As a family, the Cambridge experience is very near and dear to our hearts and we have traveled back to Cambridge two times since leaving. Our daughters, Sophie and Elsa, made wonderful friends and loved attending the Girton Glebe Primary School. Cambridge, England is a fantastic historical city that we loved living in. Additionally, we have such delightful recollections of the students from each group who would go out of their way to be so friendly and engaging with our young daughters. Sophie and Elsa loved how kind and funny the students were at Common Meal, at our home on Thornton Road, and on our group trips. The group trips were full of camp songs on the coach, hand clapping rhymes, exploring the Roman Baths, eating gingerbread in Grasmere, watching Shakespeare plays, hiking in the Lake District and traipsing around Warwick Castle. We miss all of our former students and we miss spending time with them!
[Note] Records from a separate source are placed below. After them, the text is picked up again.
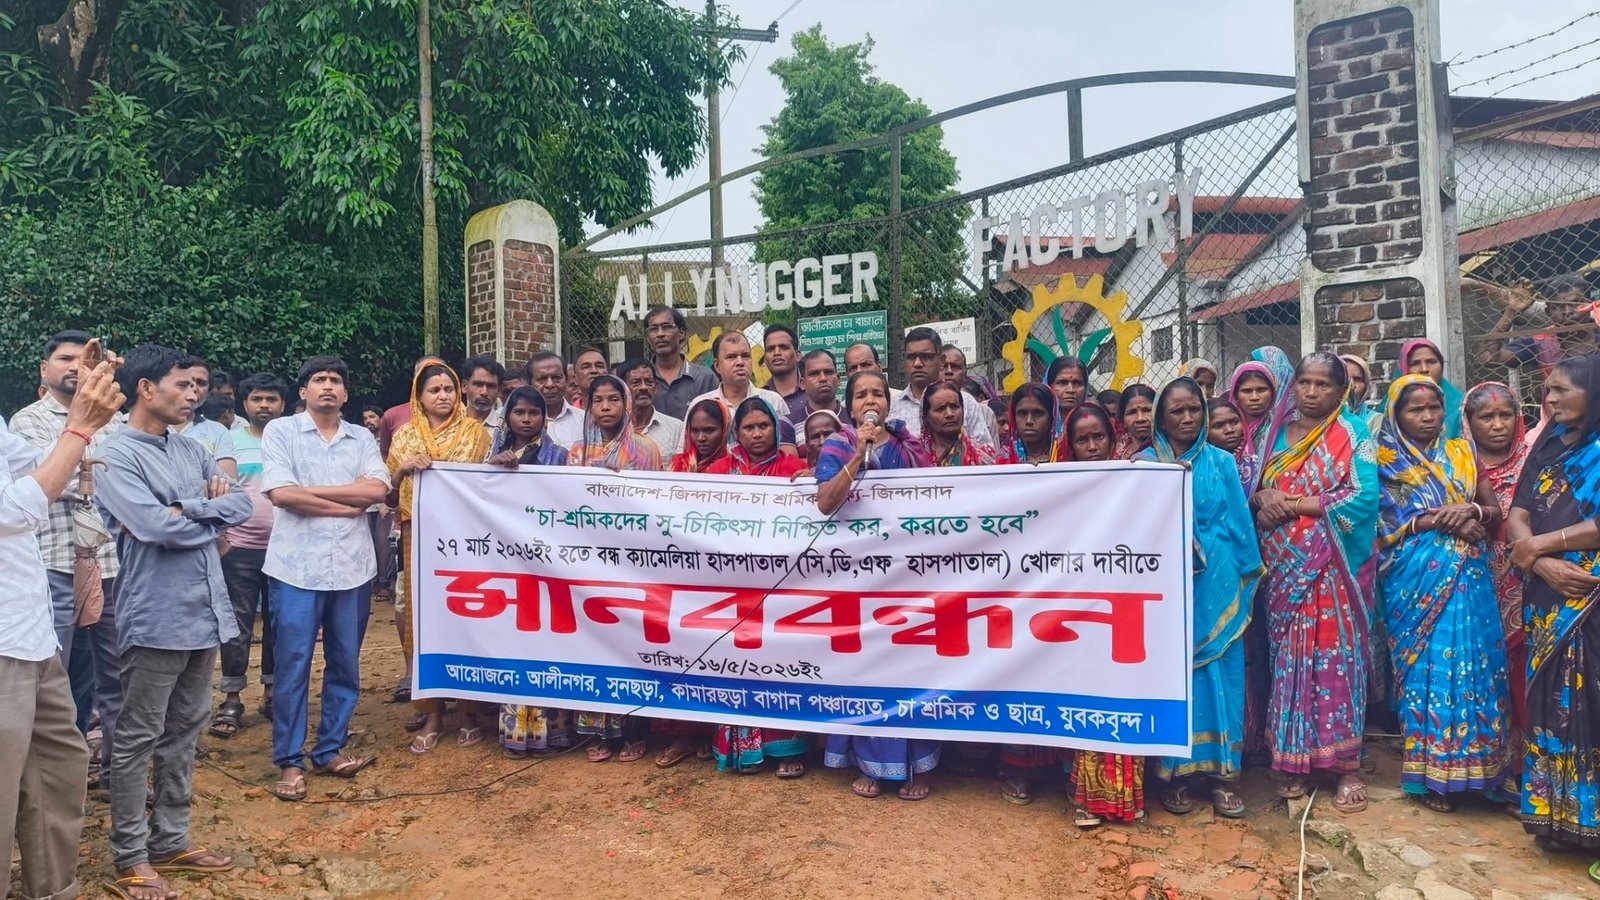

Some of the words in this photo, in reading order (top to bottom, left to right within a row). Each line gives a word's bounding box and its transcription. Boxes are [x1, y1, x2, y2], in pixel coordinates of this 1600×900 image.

[609, 251, 880, 321] ALLYNUGGER
[973, 168, 1202, 275] FACTORY
[800, 318, 841, 332] আলীনগর
[843, 318, 853, 328] চা
[854, 315, 884, 327] বাগান
[585, 483, 766, 506] বাংলাদেশ-জিন্দাবাদ-চা
[773, 491, 817, 507] শ্রমিক
[655, 511, 766, 539] সু-চিকিৎসা
[772, 514, 841, 539] নিশ্চিত
[845, 517, 889, 541] কর,
[898, 516, 970, 536] করতে
[979, 509, 1040, 536] হবে”
[436, 538, 459, 557] ২৭
[466, 532, 491, 557] মার্চ
[497, 537, 552, 564] ২০২৬ইং
[558, 544, 591, 562] হতে
[597, 545, 621, 566] বন্ধ
[626, 544, 701, 573] ক্যামেলিয়া
[706, 551, 790, 575] হাসপাতাল
[797, 547, 892, 579] (সি,ডি,এফ
[906, 548, 1012, 580] হাসপাতাল)
[1020, 552, 1083, 574] খোলার
[1093, 543, 1162, 576] দাবীতে
[434, 569, 1164, 664] মানববন্ধন
[637, 650, 690, 670] তারিখ:
[697, 657, 823, 680] ১৬/৫/২০২৬ইং
[444, 662, 520, 688] আয়োজনে:
[526, 665, 600, 697] আলীনগর,
[606, 678, 664, 703] সুনছড়া,
[671, 682, 748, 709] কামারছড়া
[753, 688, 802, 713] বাগান
[807, 693, 889, 722] পঞ্চায়েত,
[896, 699, 916, 720] চা
[920, 694, 977, 722] শ্রমিক
[983, 704, 999, 720] ও
[1008, 701, 1051, 729] ছাত্র,
I look back with great fondness on my time (2013-2015) as the Director of Valparaiso University Study Centre in Cambridge, England. I am immensely grateful to VU for all the opportunities this experience provided for the students, my family, and myself. My children felt very welcomed by the VU students and, aside from some new-kid-at-school jitters, loved their time at Impington Village College. My daughter Kya embraced her new British accent within a month of starting school and my son Abraham found his vocation in theatre through the many opportunities to watch and perform on the British stage. I was pleased to see how the VU students quickly formed strong connections to one another through being foreigners together, participating in our weekly rituals, particularly Common Meal, and exploring England together.
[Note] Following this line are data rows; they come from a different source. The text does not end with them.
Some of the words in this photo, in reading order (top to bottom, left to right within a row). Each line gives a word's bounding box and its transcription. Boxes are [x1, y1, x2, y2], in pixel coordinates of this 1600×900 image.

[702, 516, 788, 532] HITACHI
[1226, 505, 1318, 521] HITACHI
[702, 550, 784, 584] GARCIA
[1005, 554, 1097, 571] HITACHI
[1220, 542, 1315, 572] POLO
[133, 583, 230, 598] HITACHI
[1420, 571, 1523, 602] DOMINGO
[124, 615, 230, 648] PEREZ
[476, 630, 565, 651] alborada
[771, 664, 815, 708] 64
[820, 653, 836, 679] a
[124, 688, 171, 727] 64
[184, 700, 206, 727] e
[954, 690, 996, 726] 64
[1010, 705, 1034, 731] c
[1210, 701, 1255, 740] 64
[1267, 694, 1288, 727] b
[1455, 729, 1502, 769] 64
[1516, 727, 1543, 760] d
I think if I tried to summarize the experience my words would be grossly inadequate. I’d like to therefore share a smattering of the events that enriched my life and, I think, the lives of the students who participated. The cohorts or individual students who read this will recognize themselves in some of the comments.
The informal but intense competition for the best Common Meal. As the beneficiary of some amazing food I have to say I encouraged this rivalry.
Punting on the Cam, particularly those brave souls who actually punted, and the one who took a dive.
Our house intruders (twice) and the student who confronted and (successfully) ordered one of them out of the house.
Hiking in a torrential rain storm.
Hiking under the clouds became too heavy to move forward.
Being threatened by a Bull.
Other, slightly wilder, party
I loved that so many of the students decided to travel in Britain or the continent together, creating new memories as they traversed many new lands.
Some very creative scavenger hunt solutions and hilarious videos and pictures.
The Crepe Man. If you can’t love him you can’t love anyone.
A couple fascinating court cases in person.
Those brave and curious souls who explored Cambridge alone, intentionally meeting Cambridge residents on their home turf.
The food poisoning incident that nearly shut down the center for a few days and a few visits to the National Health Service.
Visiting Alum with stories of past years.
The lively banter with Phil, our coach driver.